**Activity**
Pictures aside, repeat all the entries below exactly as they appear.

Extracted data entries
■ ■ ■
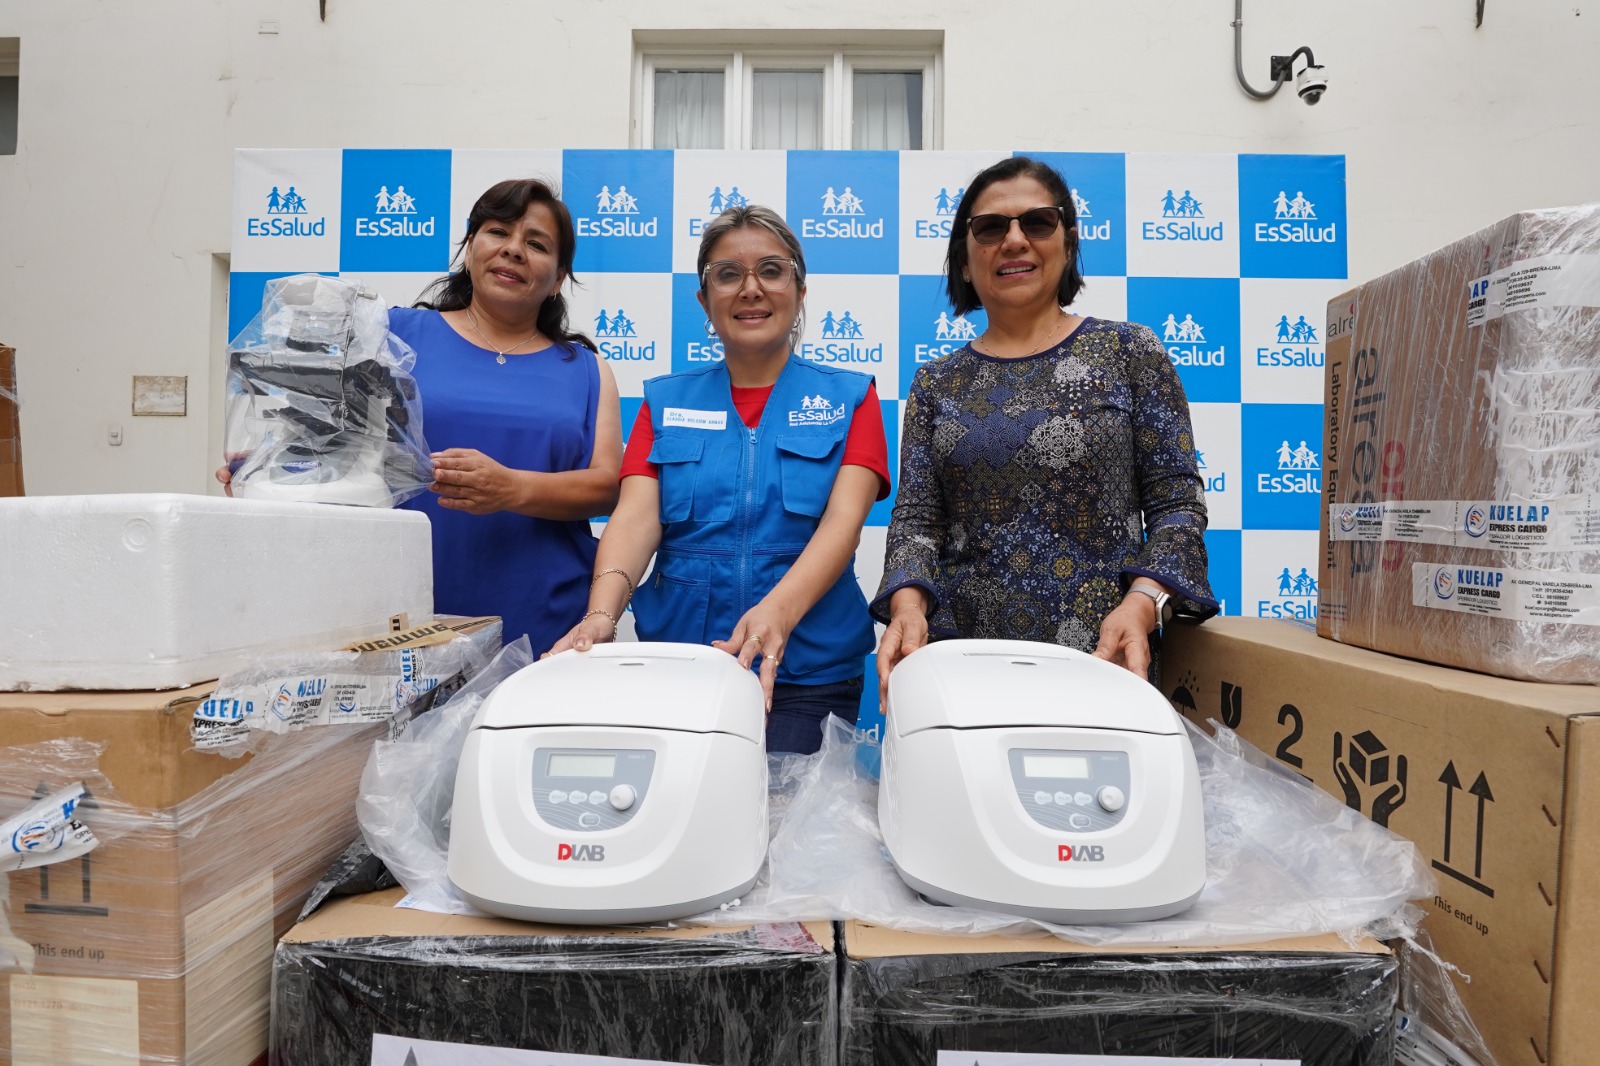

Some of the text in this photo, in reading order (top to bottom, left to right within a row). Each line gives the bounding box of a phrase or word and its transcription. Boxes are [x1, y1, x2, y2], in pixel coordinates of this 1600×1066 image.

[248, 217, 325, 237] EsSalud
[355, 216, 435, 238] EsSalud
[576, 216, 658, 238] EsSalud
[802, 218, 884, 239] EsSalud
[1142, 221, 1224, 241] EsSalud
[1255, 222, 1336, 243] EsSalud
[599, 341, 655, 361] Salud
[802, 343, 882, 363] EsSalud
[1171, 346, 1225, 367] Salud
[1257, 348, 1324, 368] EsSalu
[789, 403, 845, 422] EsSalud
[1328, 361, 1342, 463] Laboratory
[1258, 473, 1321, 493] EsSalu
[1489, 505, 1550, 522] KUELAP
[1489, 524, 1548, 533] EXPRESS CARGO
[1458, 569, 1503, 588] KUELAP
[1458, 587, 1501, 599] EXPRESS CARGO
[1258, 600, 1318, 619] EsSal
[402, 649, 412, 682] KUEL
[1275, 703, 1304, 770] 2
[557, 843, 605, 862] DLAB
[1058, 845, 1105, 862] DLAB
[1434, 896, 1489, 936] This end up
[31, 944, 105, 962] This end up
■ ■ ■
**Written reply**
Some of the text in this photo, in reading order (top to bottom, left to right within a row). Each line gives the bounding box of a phrase or word and its transcription. Boxes are [x1, y1, x2, y2], in pixel coordinates of this 1600×1066 image.

[248, 217, 325, 237] EsSalud
[355, 216, 435, 238] EsSalud
[576, 216, 658, 238] EsSalud
[802, 218, 884, 239] EsSalud
[1142, 221, 1224, 241] EsSalud
[1255, 222, 1336, 243] EsSalud
[599, 341, 655, 361] Salud
[802, 343, 882, 363] EsSalud
[1171, 346, 1225, 367] Salud
[1257, 348, 1324, 368] EsSalu
[789, 403, 845, 422] EsSalud
[1328, 361, 1342, 463] Laboratory
[1258, 473, 1321, 493] EsSalu
[1489, 505, 1550, 522] KUELAP
[1489, 524, 1548, 533] EXPRESS CARGO
[1458, 569, 1503, 588] KUELAP
[1458, 587, 1501, 599] EXPRESS CARGO
[1258, 600, 1318, 619] EsSal
[402, 649, 412, 682] KUEL
[1275, 703, 1304, 770] 2
[557, 843, 605, 862] DLAB
[1058, 845, 1105, 862] DLAB
[1434, 896, 1489, 936] This end up
[31, 944, 105, 962] This end up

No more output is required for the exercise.